Definition (RIF-PRD transition relation). The intended semantics of RIF-PRD atomic actions is completely specified by the transition relation →RIF-PRD ⊆ W × L × W. (w, α, w') ∈ →RIF-PRD if and only if w ∈ W, w' ∈ W, α is a ground atomic action, and one of the following is true:
- α is Assert(φ), where φ is a ground atomic formula, and w' = w + φ;
- α is Retract(φ), where φ is a ground atomic formula, and w' = w - φ;
- α is Retract(o), where o is a constant, and w' = w - {o[s->v] | for all the values of terms s and v} - {o#c | for all the values of term c}. ☐
Rule 1 says that all the condition formulas that were satisfied before an assertion will be satisfied after, and that, in addition, the condition formulas that are satisfied by the asserted ground formula will be satisfied after the assertion.
Rule 2 says that all the condition formulas that were satisfied before a retraction will be satisfied after, except if they are satisfied only by the retracted fact.
Rule 3 says that all the condition formulas that were satisfied before the removal of a frame object will be satisfied after, except if they are satisfied only by one of the frame or membership formulas about the removed object or a conjunction of such formulas.
4 Production rules and rulesets
This section specifies the rules and rulesets that can be serialized using RIF-PRD, by specifying:
- the abstract syntax that all production rule languages interchanging rules using RIF-PRD must have in common for rules and rule sets;
- and the intended semantics of the rules and ruleset in a RIF-PRD document.
4.1 Abstract syntax
For a production rule language to be able to interchange rules using RIF-PRD, in addition to the RIF-PRD condition and action languages, its alphabet must, at the abstract syntax level, contain syntactic constructs:
- to associate a condition and an action block into a rule;
- to declare the variables that are free in a rule, to specify their bindings, and to associate them with that rule into a rule with less free variables;
- to group rules and to associate specific operational semantics to groups of rules.
4.1.1 Rules
Definition (Rule).
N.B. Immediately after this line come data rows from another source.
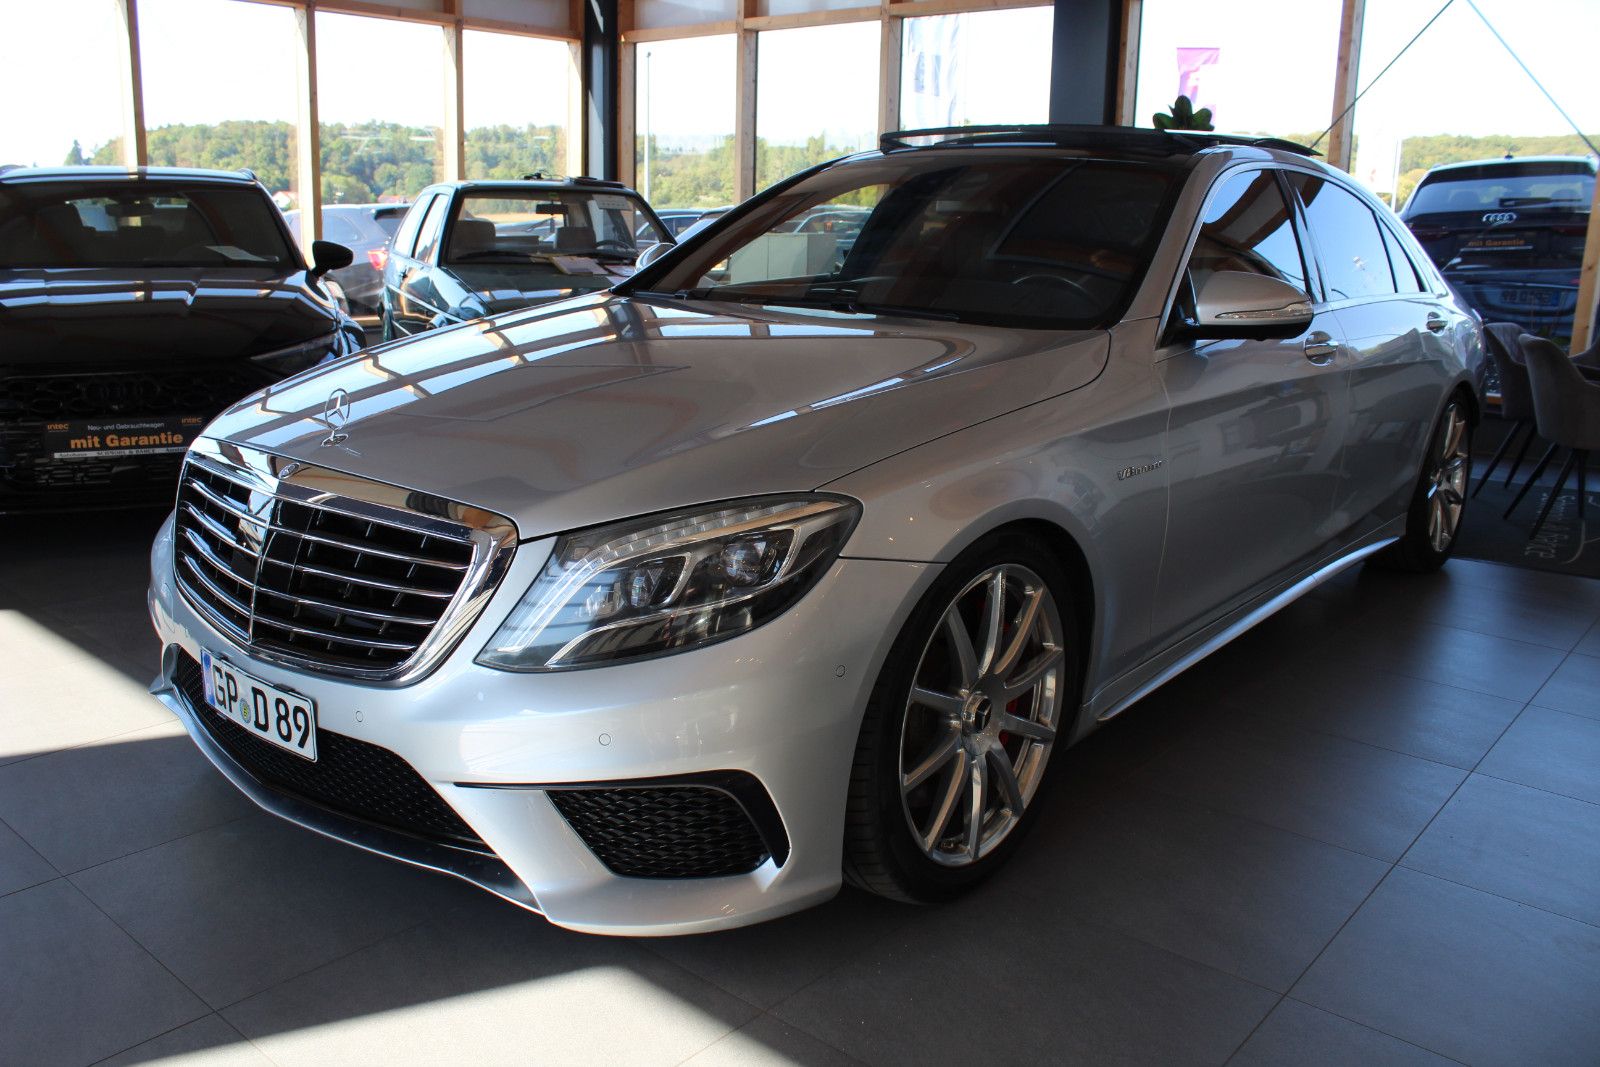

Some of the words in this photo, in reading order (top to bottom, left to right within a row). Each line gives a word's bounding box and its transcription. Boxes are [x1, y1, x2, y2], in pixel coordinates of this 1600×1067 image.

[70, 436, 100, 448] mit
[105, 432, 184, 448] Garantie
[213, 665, 238, 713] GP
[252, 686, 270, 732] D
[275, 698, 310, 748] 89
A rule can be either:
- an unconditional action block;
- a conditional action block: if condition is a formula in the RIF-PRD condition language, and if action is a well-formed action block, then If condition, Then action is a conditional action;
- a rule with bound variables: if ?v1 ... ?vn, n > 0, are variables; p1 ... pm, m ≥ 0, are condition formulas (called binding patterns), and rule is a rule, then Forall ?v1...?vn (p1...pm) (rule) is a rule. ☐
RIF-BLD compatibility. A rule If condition, Then action can be equivalently written action :- condition, that is, using RIF-BLD notation. Indeed, the normative XML syntax is the same for a conditional assertion in RIF-BLD and for a conditional action in RIF-PRD. The use of RIF-BLD notation is especially useful if the condition formula, condition, contains no negation, and if the action block, action, contains only Assert atomic actions. The use of the same notation emphasizes that such a rule has the same semantics in RIF-PRD and RIF-BLD.
Editor's Note: At this stage, the above assertion regarding the equivalence of a specific fragment of RIF-PRD and RIF-BLD is mostly the statement of an objective of the working group. That issue will be addressed more completely in a future version of this document.
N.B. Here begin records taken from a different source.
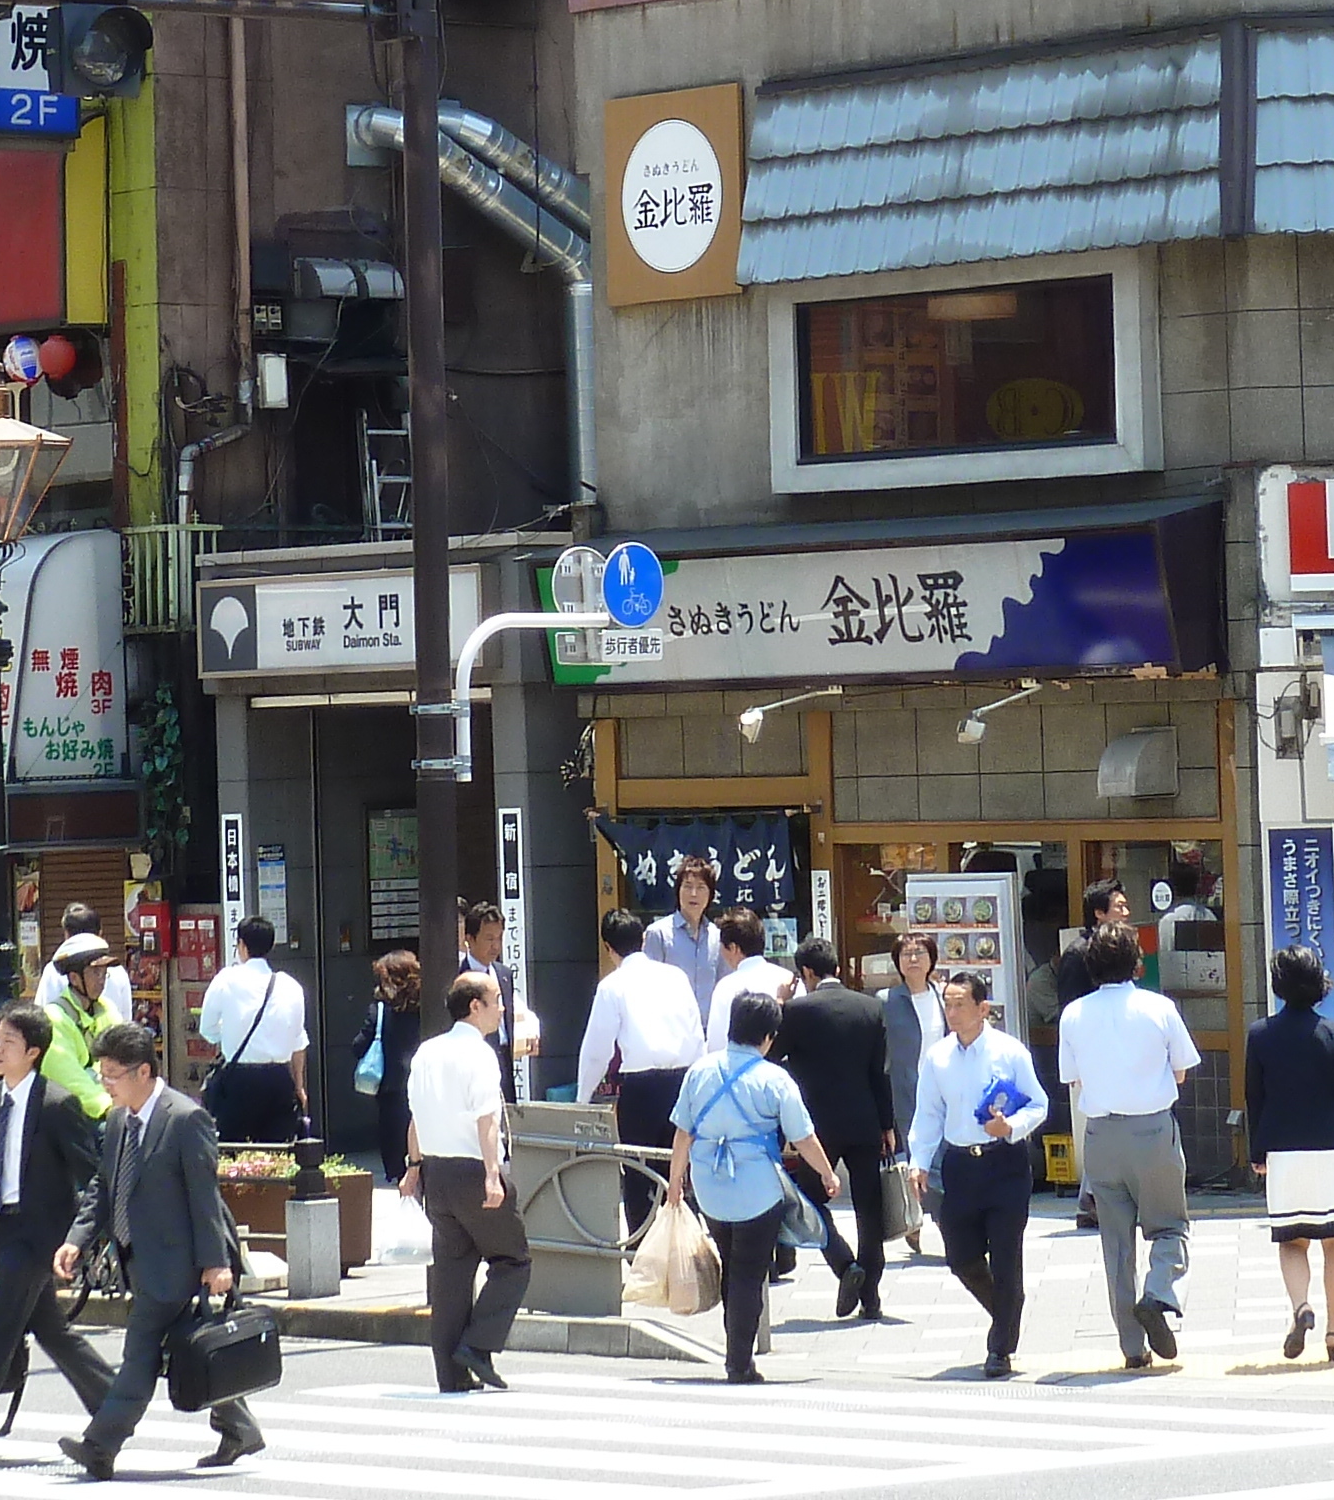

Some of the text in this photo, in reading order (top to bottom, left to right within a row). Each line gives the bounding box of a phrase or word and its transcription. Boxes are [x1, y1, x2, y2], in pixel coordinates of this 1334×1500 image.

[10, 92, 58, 128] 2F
[643, 158, 699, 178] さぬきうどん
[632, 182, 714, 231] 金比羅
[282, 593, 400, 638] 地下鉄 大門
[667, 569, 972, 647] さぬきうどん 金比羅
[285, 631, 403, 652] SUBWAY Daimon Sta.
[605, 635, 661, 656] 歩行者優先
[31, 647, 80, 672] 無煙
[55, 669, 113, 699] 焼肉
[90, 699, 113, 715] 3F
[22, 716, 86, 738] もんじゃ
[44, 738, 114, 761] お好み焼
[226, 828, 239, 893] 日本橋
[504, 821, 518, 891] 新宿
To emphasize that equivalence even further, an action block can be written as simply And(φ1 ... φn), if it contains only atomic assert actions: Do(Assert(φ1) ... Assert(φn)), n ≥ 1. If the action block consists of a single atomic assert action: Do(Assert(φ)), then it can be written as simply φ.
Notice that the notation for a rule with bound variables uses the keyword Forall for the same reasons, that is, to emphasize the overlap with RIF-BLD. Indeed, Forall does not indicate the universal quantification of the declared variables, in RIF-PRD, but merely that the execution of the rule must be considered for all their bindings as constrained by the binding patterns. However, when no negation is used in the conditions and only assertions in the actions, the XML serialization of a RIF-PRD rule with bound variables is exactly the same as the XML serialization of a RIF-BLD universally quantified rule, and their semantics coincide.
4.1.2 Groups
As was already mentioned in Section Overview, production rules have an operational semantics that can be described in terms of matching rules against states of the fact base, selecting rule instances to be executed, and executing rule instances' actions to transition to new states of the fact base.
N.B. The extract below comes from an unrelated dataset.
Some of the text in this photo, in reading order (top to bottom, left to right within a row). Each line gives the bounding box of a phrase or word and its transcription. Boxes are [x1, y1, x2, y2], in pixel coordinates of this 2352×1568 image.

When production rules are interchanged, the intended rule instance selection strategy, often called the conflict resolution strategy, need be interchanged along with the rules : in RIF-PRD, the group is the construct that is used to group sets of rules and to associate them with a conflict resolution strategy. Many production rule systems use priorities associated with rules as part of their conflict resolution strategy: in RIF-PRD, the group is also used to carry the priority information that may be associated to the interchanged rules.
Definition (Group). If strategy is an IRI that denotes a conflict resolution strategy, if priority is an integer, and if each rgj, 0 ≤ j ≤ n, is either a rule or a group, then any of the following is a group:
- Group rg0 ... rgn, n ≥ 0;
- Group strategy rg0 ... rgn, n ≥ 0;
- Group priority rg0 ... rgn, n ≥ 0;
- Group strategy priority rg0 ... rgn, n ≥ 0. ☐
4.1.3 Well-formed rules and groups
The function Var(f), that has been defined for condition formulas and extended to actions, is further extended to rules, as follows:
- if f is an action block that declares action variables ?v1 ... ?vn, n ≥ 0, and that contains actions a1 ... am, m ≥ 1, then Var(f) = U1 ≤ i ≤ m Var(ai) - {?v1 ... ?vn};
- if f is an conditional action where c is the condition formula and a is the action, then Var(f) = Var(c) ∪ Var(a);
- if f is a quantified rule where ?v1 ... ?vn, n > 0, are the declared variables; p1 ... pm, m ≥ 0, are the binding patterns, and r is the rule, then Var(f) = (Var(r) ∪ Var(p1) ∪ ... ∪ Var(pm)) - {?v1 ... ?vn}.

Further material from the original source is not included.